EE.UU..- La insólita actitud del juez Sam Benningfield, que les pedía a los condenados por tenencia de drogas que aceptaran un tratamiento para esterilizarse a cambio de una reducción de su pena, trajo una gran polémica. Abogados, fiscales y organizaciones sociales lo demandaron y se negaron a cumplir sus órdenes por considerarlas inapropiadas.
Se trata del magistrado del condado de White County, en Tennessee, quien argumentaba su insólita decisión porque de ese modo “no pondrían a sus potenciales hijos en riesgo, ya que no podrán tenerlos”. Con esta idea, el juez pretendía romper el círculo vicioso que se generaba entre padres e hijos mediante “vasectomías e implantes de control de natalidad en las mujeres”. Pero su fundamentación no fue suficiente: asociaciones de derechos civiles iniciaron acciones legales en su contra y consiguieron que sus ofertas se frenaran y que nadie realizara las intervenciones que ordenaba. La Justicia les dio la razón.

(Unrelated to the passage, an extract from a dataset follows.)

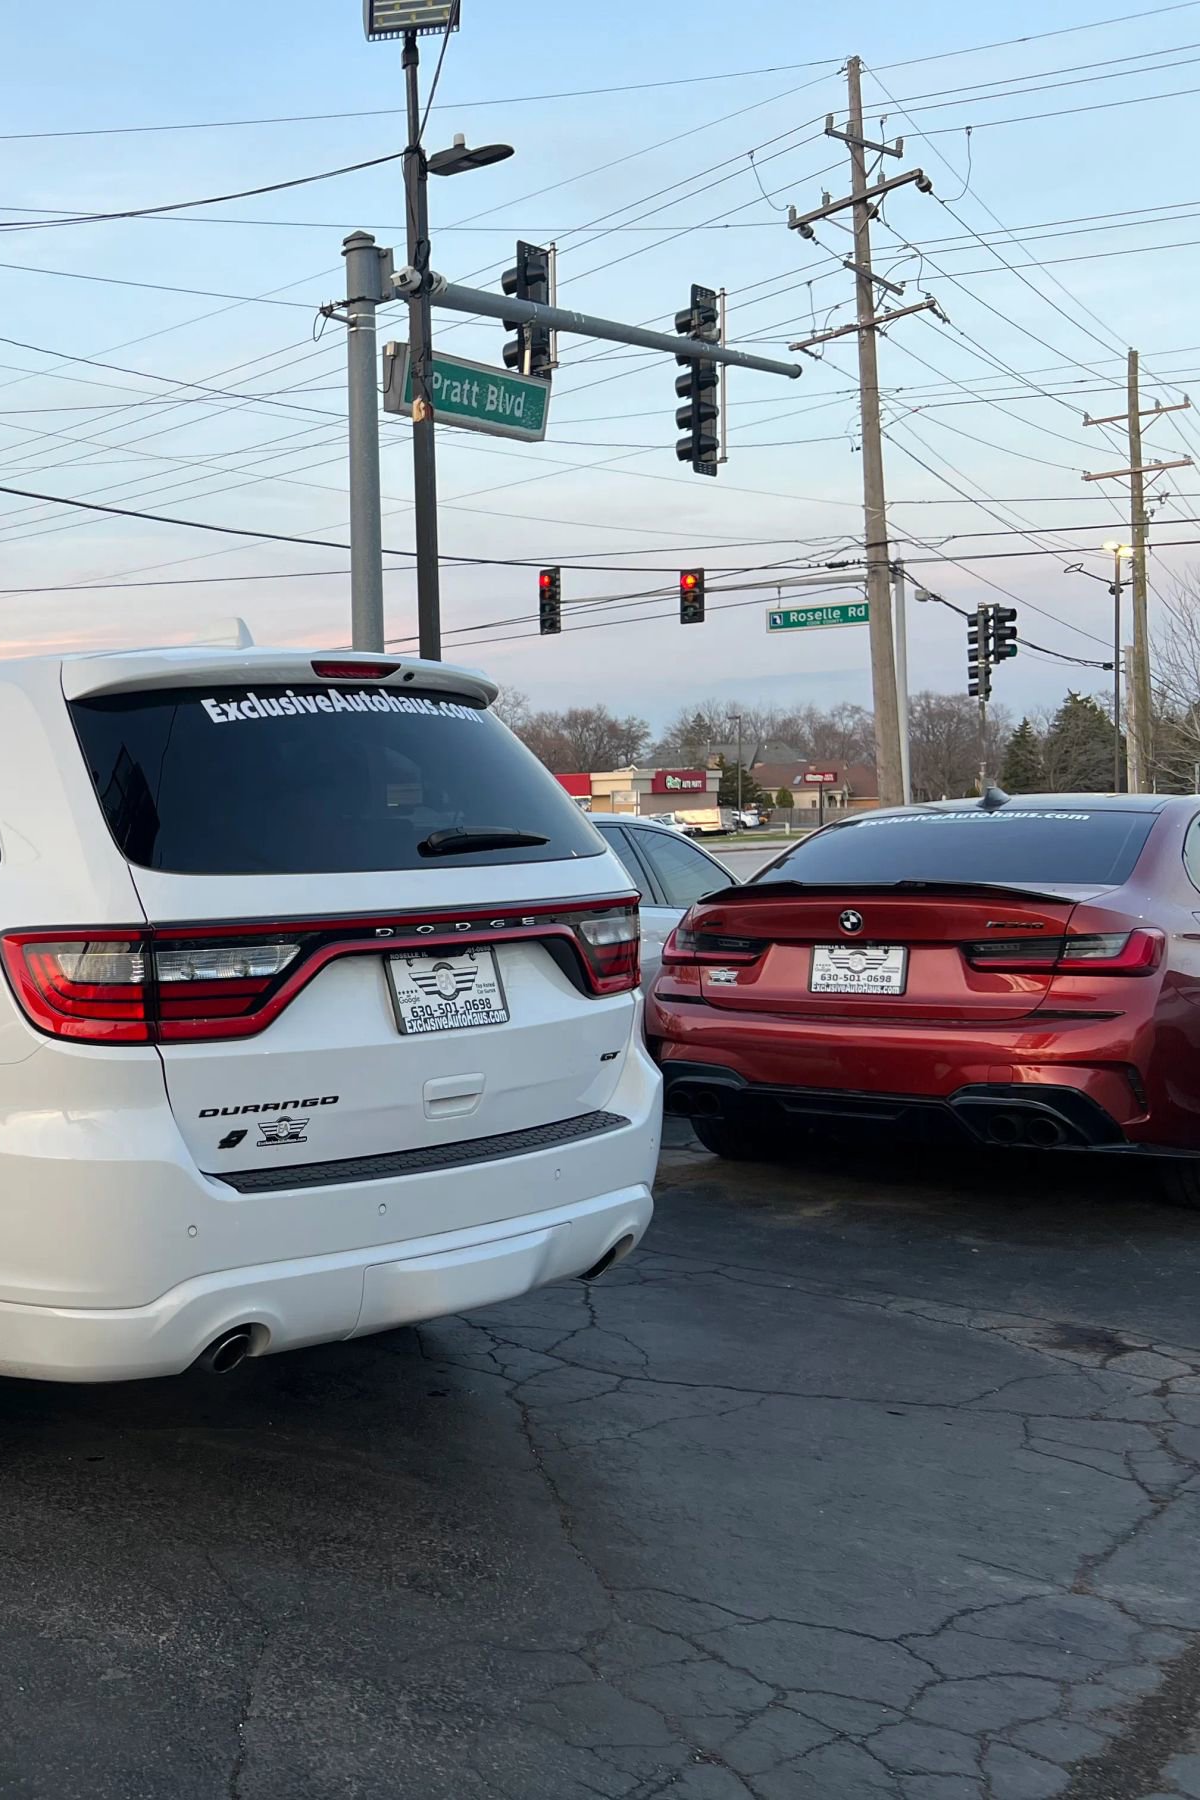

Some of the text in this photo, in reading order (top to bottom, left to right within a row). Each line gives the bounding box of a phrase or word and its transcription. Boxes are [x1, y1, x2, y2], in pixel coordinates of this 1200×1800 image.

El Comité de Conducta Judicial de Tennessee lo reprendió a través de una carta. “Un juez actuará en todo momento de manera tal que promueva la confianza pública en la independencia, integridad e imparcialidad del poder judicial y evitará la impropiedad y la apariencia de impropiedad”, indica el texto enviado a Benningfeld, quien quiso defender su posición diciendo que pretendía que los condenados fueran responsables de sus actos y que no involucraran a sus hijos en sus malas decisiones.